Имя Столыпина неразрывно связано в нашей памяти со «столыпинским галстуком» — революционной фразой, нечаянно сорвавшейся с уст одного кадетского оратора (то-то бедняга потом испугался!). «Столыпин-вешатель» неотразимо встает в нашем воображении, когда мы слышим это имя. И правильно — ибо виселица была такой же специфической, свойственной именно Столыпину формой борьбы с революцией, как раньше погром для Трепова. Трепов выступил в период подъема массового движения и должен был противопоставить, попытаться по крайней мере противопоставить, массу массе. Столыпинщина возникла на отливе массового движения: массы восставали все реже и реже, все слабее и слабее; нужно было добить уже разочарованных и уставших, вылавливая и казня «вожаков» или просто наиболее смелых и наименее утомившихся. Тут самым подходящим средством и был индивидуальный террор
. Первая дума была разогнана 9 июля (старого стиля) 1906 г., а уже 14 августа Николай писал под диктовку Столыпина: «Непрекращающиеся покушения и убийства должностных лиц и ежедневные дерзкие грабежи приводят страну в состояние полной анархии.
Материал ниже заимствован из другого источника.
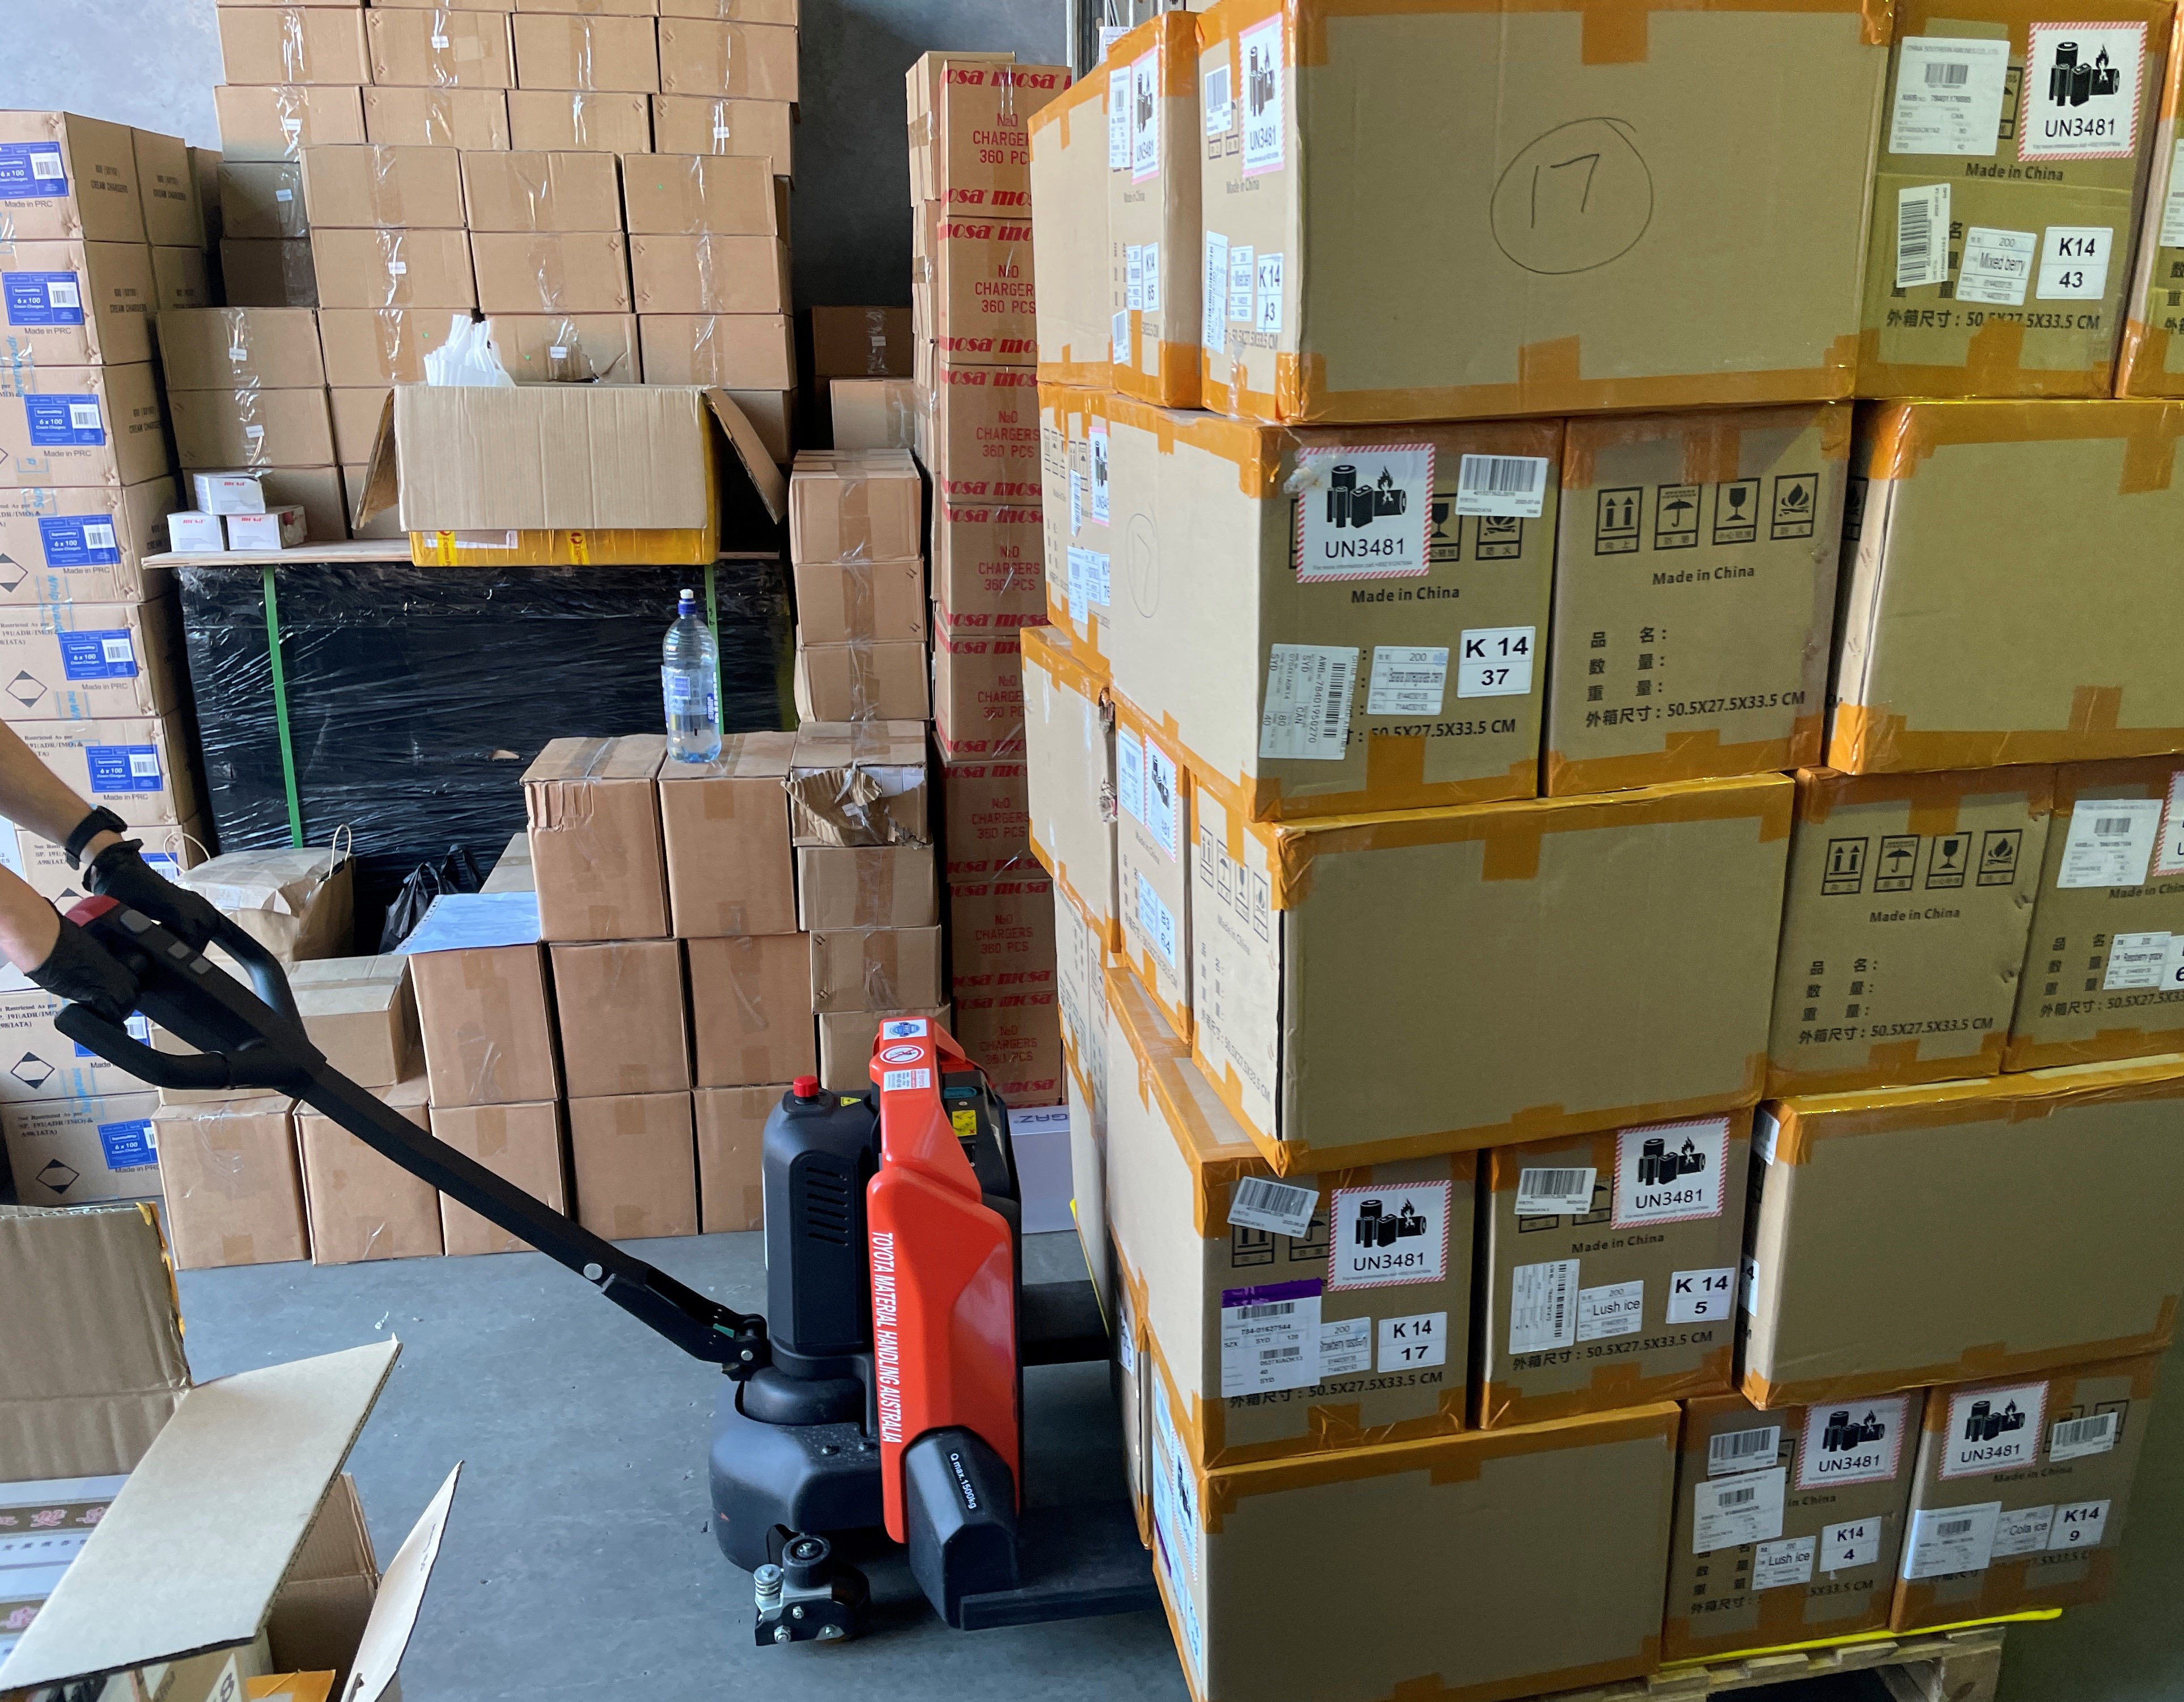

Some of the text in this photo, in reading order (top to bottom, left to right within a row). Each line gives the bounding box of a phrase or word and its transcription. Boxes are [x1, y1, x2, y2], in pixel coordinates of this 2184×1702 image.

Не только занятие честным трудом (!), но даже сама жизнь людей находится в опасности». Чтобы не мешать «честному труду» шпионов и провокаторов и оградить жизнь губернаторов и полицеймейстеров, нужны были, само собою разумеется, «экстренные меры». «Повидимому только исключительный закон, изданный на время, пока спокойствие не будет восстановлено, даст уверенность, что правительство приняло решительные меры и успокоит всех», — заканчивал свое «историческое» послание Николай.Через пять дней, 19 августа, во всей России были введены полевые суды
, действовавшие до 20 апреля 1907 г. В руки нескольких строевых офицеров, без всякого юридического, а часто и вообще без всякого образования, вдохновлявшихся исключительно дикой ненавистью помещика к рабочей и крестьянской революции, была отдана жизнь любого гражданина, у которого нашли в кармане браунинг. Браунинг — значит «вооруженное сопротивление»; вооруженное сопротивление — значит виселица. Чтобы утопить революцию не только в крови, но и в грязи, а кстати и создать видимость «восстановления порядка» в глазах мещан, на жертву полевым судам изредка отдавали и обыкновенных уголовных разбойников — далеко не всех, впрочем: как только обнаруживались признаки «чистой» уголовщины, гражданская прокуратура требовала обвиняемого себе, и ей обыкновенно уступали. Большинство казненных по приговорам полевых судов приходилось на случаи вооруженного сопротивления — измельчавшей, индивидуализировавшейся формы вооруженного восстания — или «экспроприаций», такой же измельчавшей, выродившейся формы захвата имущества контрреволюционеров — правительственных учреждений, банков, буржуазии и помещиков. Мещан экспроприации приводили в ужас, и это очень облегчало столыпинскую расправу. Субъективно экспроприаторы были обыкновенно искренние, хотя и стоящие разумеется на ложном пути революционеры. Отдельные крупные «эксы» впрочем оказывали серьезную материальную поддержку революционному движению, так что говорить о «ложном пути» без оговорок тоже не приходится. Со своей точки зрения Столыпин был прав, когда беспощадно истреблял «эксистов», физически и морально стремясь их утопить в куче «бандитов». Это было наиболее смелое, что осталось от революционного движения, — самое опасное в случае возникновения новой революции.За время столыпинской диктатуры было вынесено более 5 тыс. смертных приговоров и действительно казнено
около 3½ тыс. человек — по крайней мере втрое больше, чем за весь период массового движения (если не считать разумеется расстрелов без суда после подавления вооруженного восстания). Столыпин был недоволен «мягкостью» полевых судов и относил «слабость» их действия насчет саботажа высшего военного начальства, от которого зависело утверждение приговоров. Форма военного суда здесь связывала полицию. На одного генерала Столыпин даже формально жаловался, и сохранившаяся перепись по этому поводу служит блестящим подтверждением крылатого словца о «столыпинском галстуке». Хоть и кадетское, словцо было сказано метко и во-время, как метка была и характеристика, данная Столыпину другим кадетом. «Во всей его крупной фигуре, — писал о Столыпине последний, — в резких и решительных движениях, холодном с металлическим оттенком голосе, в тяжелом взгляде злых глаз, в неприятном очертании крупных красных губ на бледном лице, — во всем было что-то тяжелое, властно-тупое и жестокое».